The top 2 ways in which blockchain will disrupt the insurance industry
The insurance industry is one of the oldest in the world and has relatively not been impacted by any major technological advancements. However, with changing times, this cannot be the case anymore. With most of the big industries adopting blockchain technology to optimize their operations, the insurance industry cannot be left far behind.
According to a study conducted by PWC, 22% of insurance, and asset and wealth management businesses are at risk to disruption by FinTechs. The survey revealed that the insurance sector would be the most disrupted.
Insurance companies in the world today, are looking for ways to streamline their operations, become cost effective, and build greater trust in a new digital ecosystem. One of the ways they are doing that is by using blockchain technology.
A study conducted by Cognizant showed that 86% of the respondents said that blockchain is important, while 54% said it will transform the industry.
When asked to indicate the expected benefits of blockchain in insurance, the response was as follows:
We will focus on the top 2 benefits of blockchain in insurance:
- Faster claims settlement
The distributed ledger in blockchain can enable the insurer and other third parties to access and update information like claim forms, policy reports, review reports and evidence with ease.
Blockchain systems promote communication and coordination among various parties, thus streamlining claims submission, reducing loss and increasing customer satisfaction.

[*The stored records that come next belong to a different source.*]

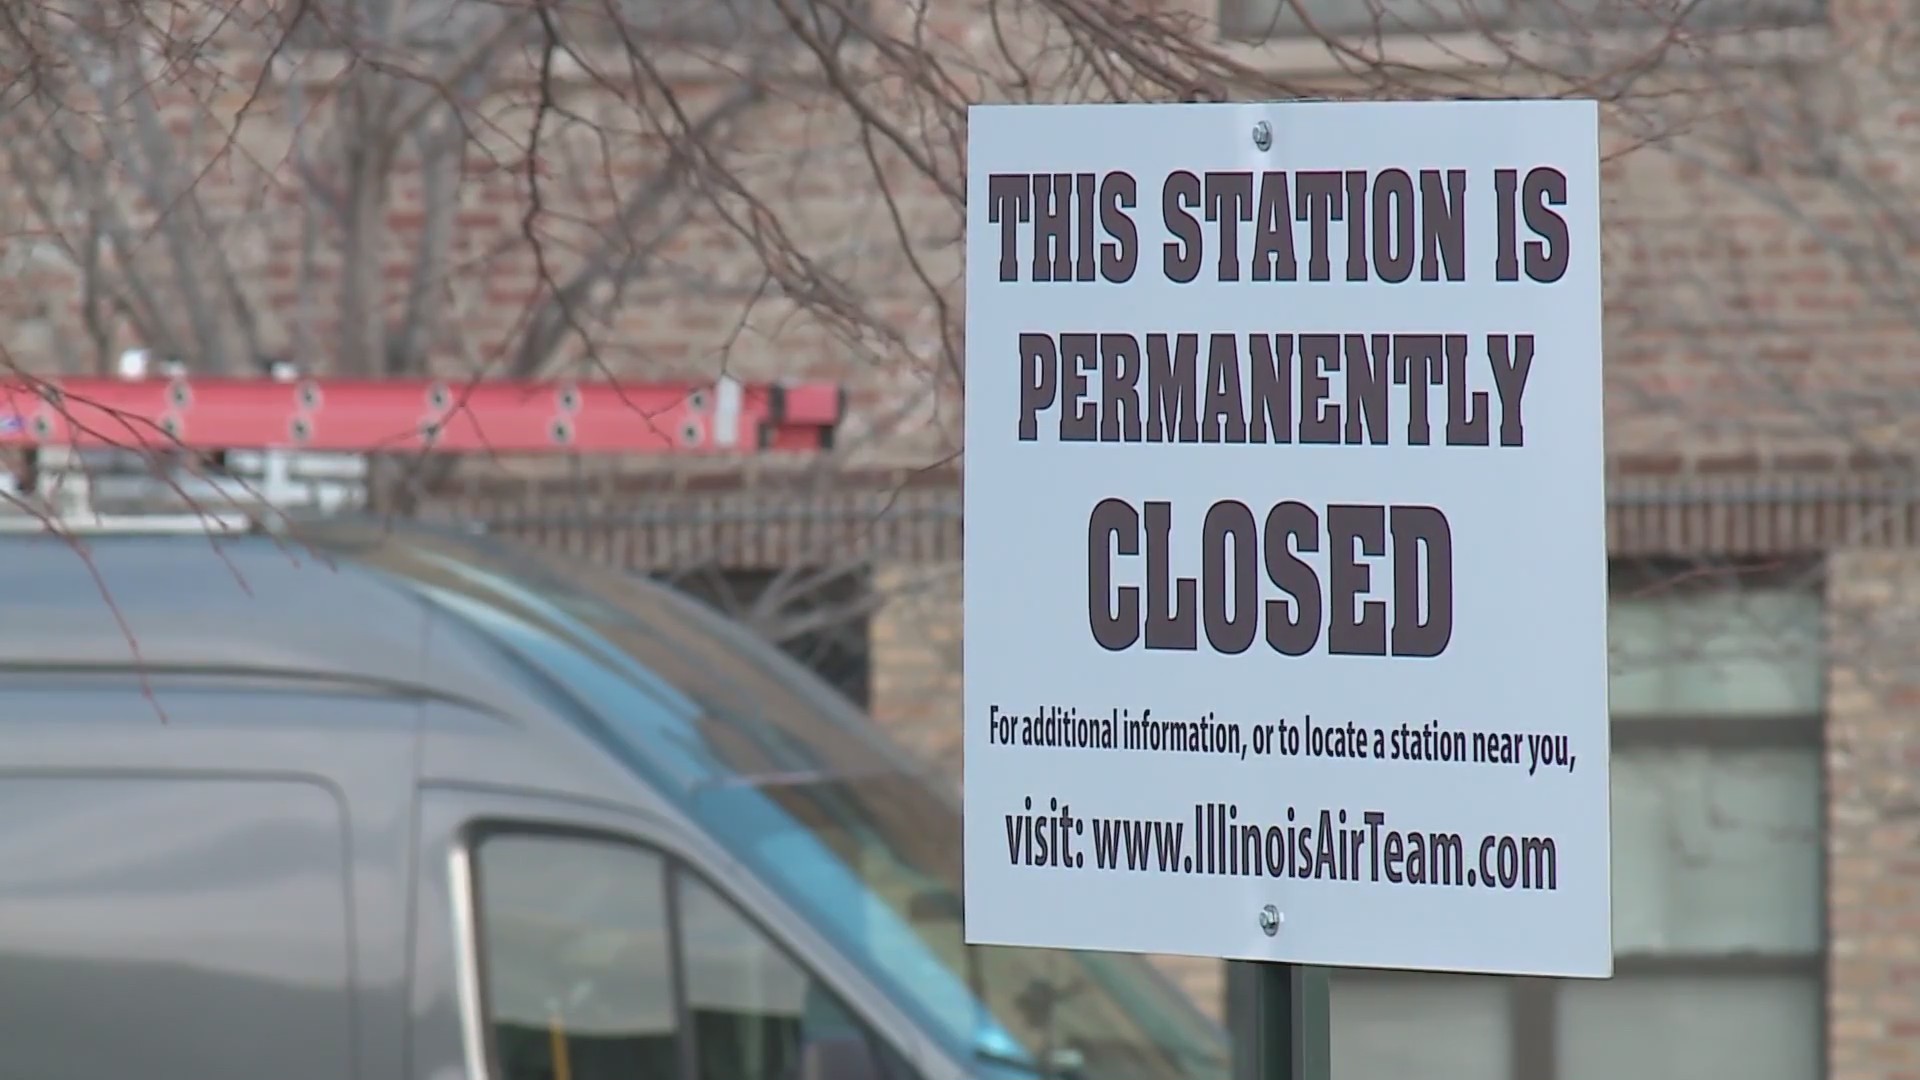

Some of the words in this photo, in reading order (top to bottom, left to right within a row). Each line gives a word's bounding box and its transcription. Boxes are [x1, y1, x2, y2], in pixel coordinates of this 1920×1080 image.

[988, 170, 1139, 285] THIS
[1161, 167, 1467, 285] STATION
[1493, 166, 1570, 284] IS
[1018, 332, 1535, 448] PERMANENTLY
[1087, 497, 1453, 659] CLOSED
[989, 704, 1019, 746] For
[1021, 705, 1118, 750] additional
[1123, 707, 1248, 761] information,
[1252, 724, 1275, 755] or
[1277, 718, 1300, 756] to
[1305, 714, 1368, 759] locate
[1373, 728, 1386, 760] a
[1390, 719, 1467, 763] station
[1472, 732, 1524, 764] near
[1527, 734, 1576, 777] you,
[1004, 795, 1084, 869] visit:
[1091, 802, 1557, 891] www.IllinoisAirTeam.com
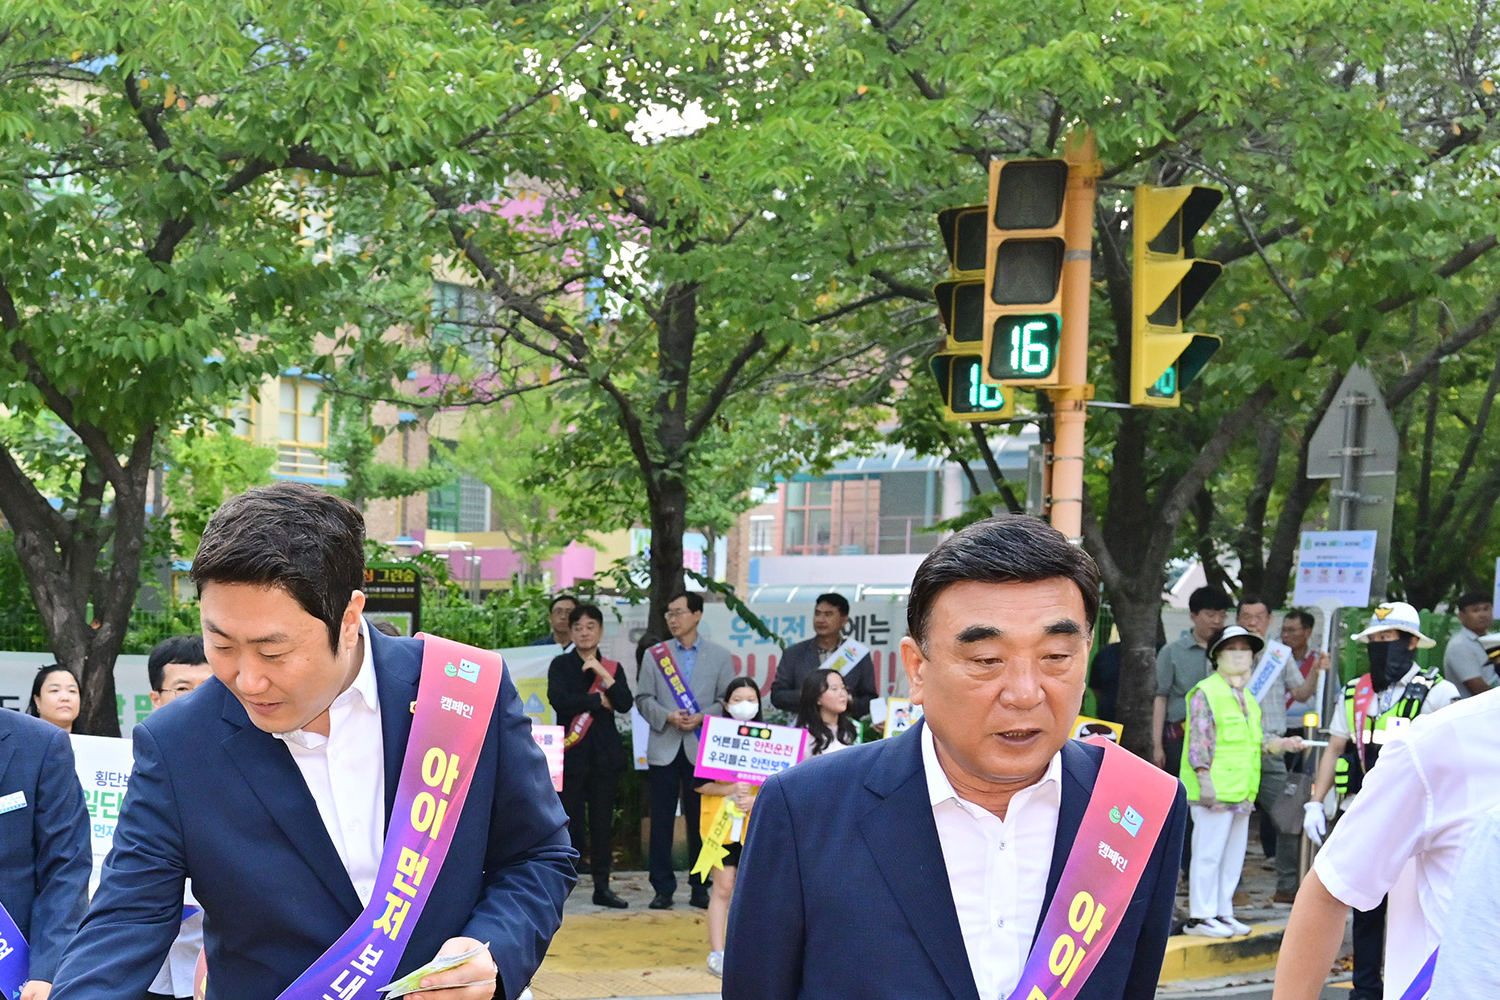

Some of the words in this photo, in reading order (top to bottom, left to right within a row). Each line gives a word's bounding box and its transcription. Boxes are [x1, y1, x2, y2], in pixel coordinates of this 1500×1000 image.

[1010, 321, 1049, 373] 16
[439, 695, 475, 720] 캠페인
[708, 751, 747, 767] 우리들은
[712, 734, 750, 751] 어른들은
[754, 740, 793, 757] 안전운전
[409, 746, 460, 841] 아이
[1097, 840, 1129, 873] 캠페인
[373, 846, 430, 942] 먼저
[1048, 890, 1107, 988] 아이

In a similar manner, the combination of satellite imagery, sensor data, mobile technology, and blockchain can be used to enable claims payment in the case of natural disasters in remote areas.
A sample use case of a death claim would work like this: A blockchain solution, would create a network of all the participants such as insurance companies, hospitals, funeral homes, govt department of health and finally the individual beneficiary. For deaths that occur in hospitals, the information about the deceased would be entered into the hospital’s IT systems, which would be integrated with the blockchain network. Insurers are then notified immediately for a match. The insurer then processes the claims automatically and disburse the required amount to the beneficiary.
2. Fraud Reduction
According to the National Health Care Anti-Fraud Association, healthcare fraud costs the country an estimated $68 billion annually (3% of the $2.26 trillion in health care spending).

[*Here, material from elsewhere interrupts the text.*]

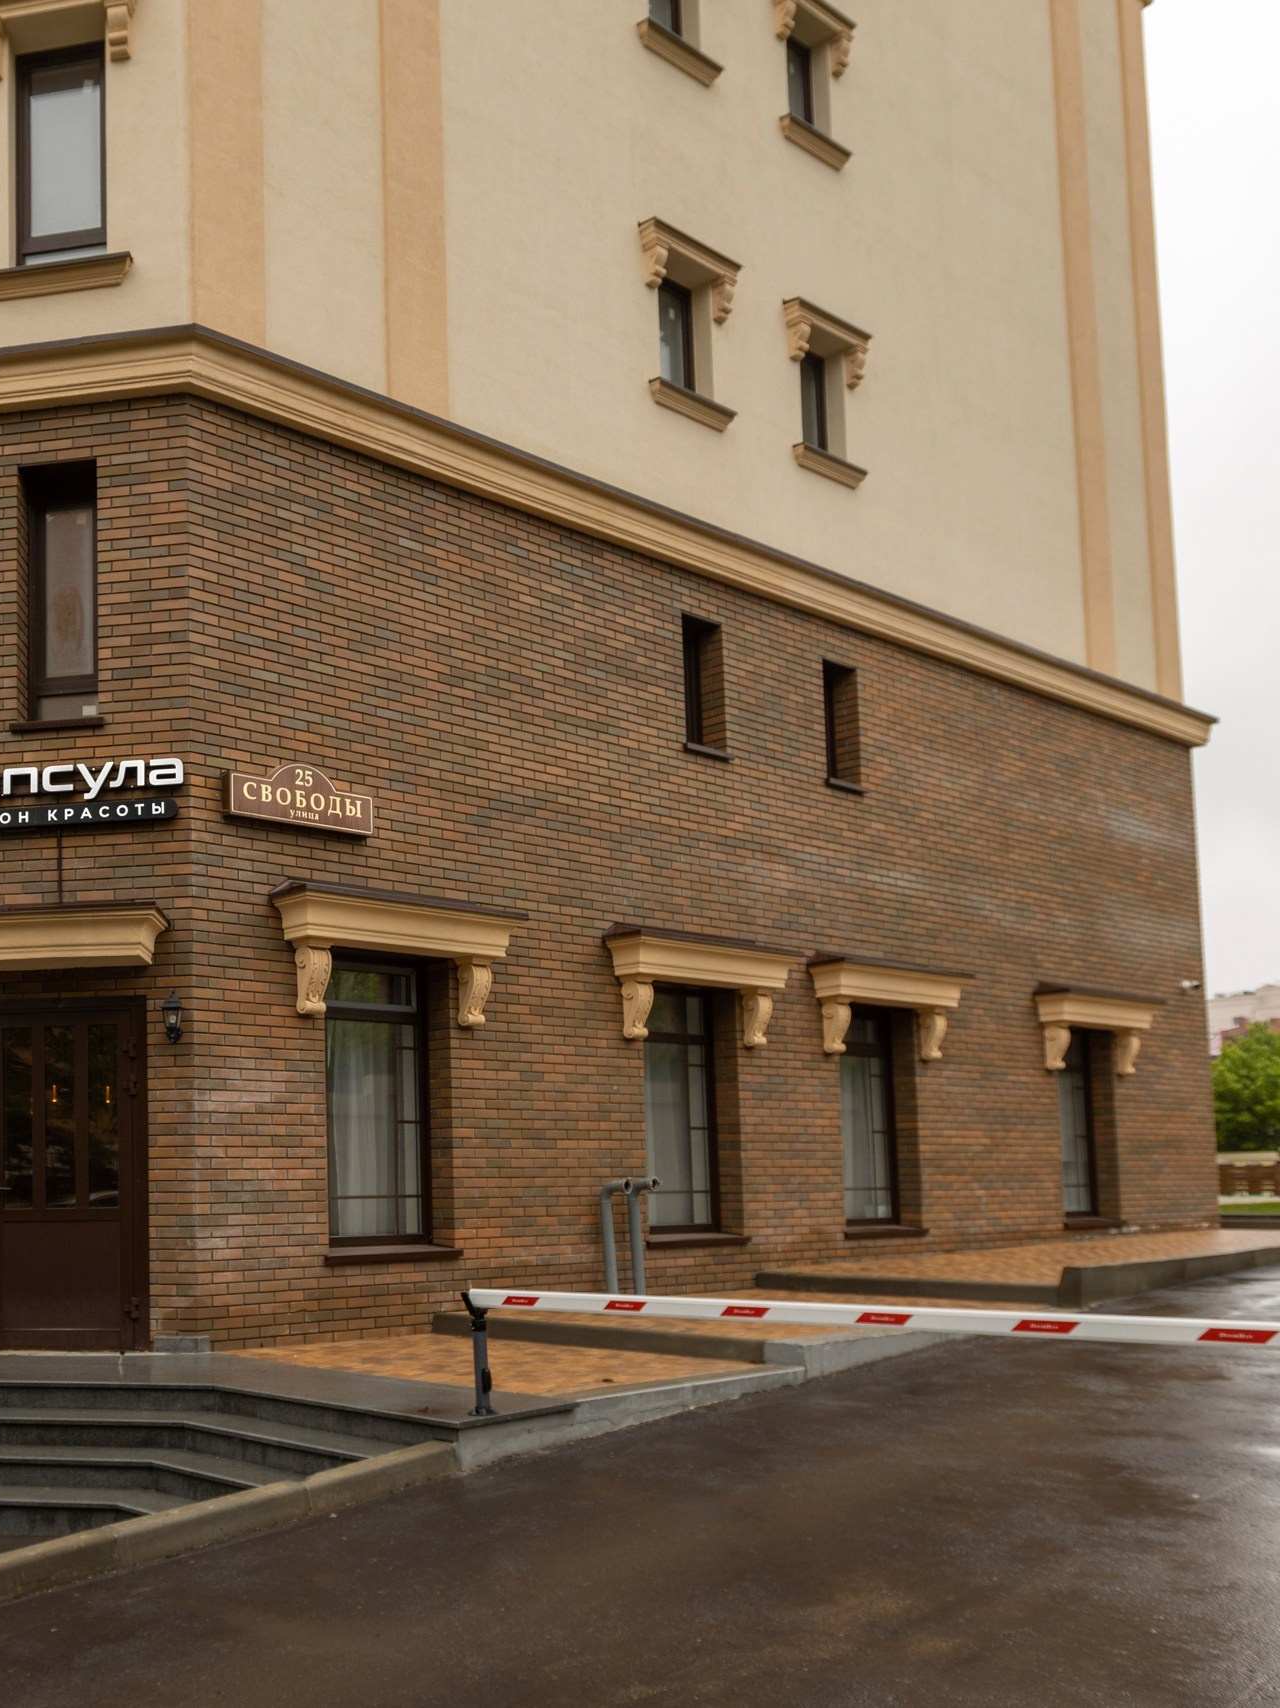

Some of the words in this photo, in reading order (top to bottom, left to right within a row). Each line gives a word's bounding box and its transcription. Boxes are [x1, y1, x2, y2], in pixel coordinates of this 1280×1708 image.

[295, 769, 313, 787] 25
[243, 781, 362, 818] СВОБОДЫ
[47, 801, 165, 821] КРАСОТЫ
[289, 809, 320, 820] улица

Since blockchain provides a public ledger that is shared across multiple parties, it helps greatly in reducing errors and detecting fraud. The decentralized repository automatically verifies the authenticity of customers and transactions. This will help insurers identify duplicate transactions. Blockchain can also help to eliminate the inefficiencies, gaps and errors due to poor data quality from front and back offices in the case of specialty insurance and reinsurance where the insurer is not in touch with the end client. P&C insurers who seek clear visibility to their risk exposures and reinsurance contracts can gain it through blockchain. Even Medicare fraud can be greatly reduced with the use of blockchain.
Insurance companies should begin to identify top, high impact areas where blockchain can help significantly, and start testing and proving new models. For most insurers, a simple, internally focused use case will be a good start. Streamlining internal processes like monthly closes may also make sense. Once the internal viability is tested, insurers can then test the model out on a more customer-facing front, through the development of requisite legal, regulatory, and tax frameworks.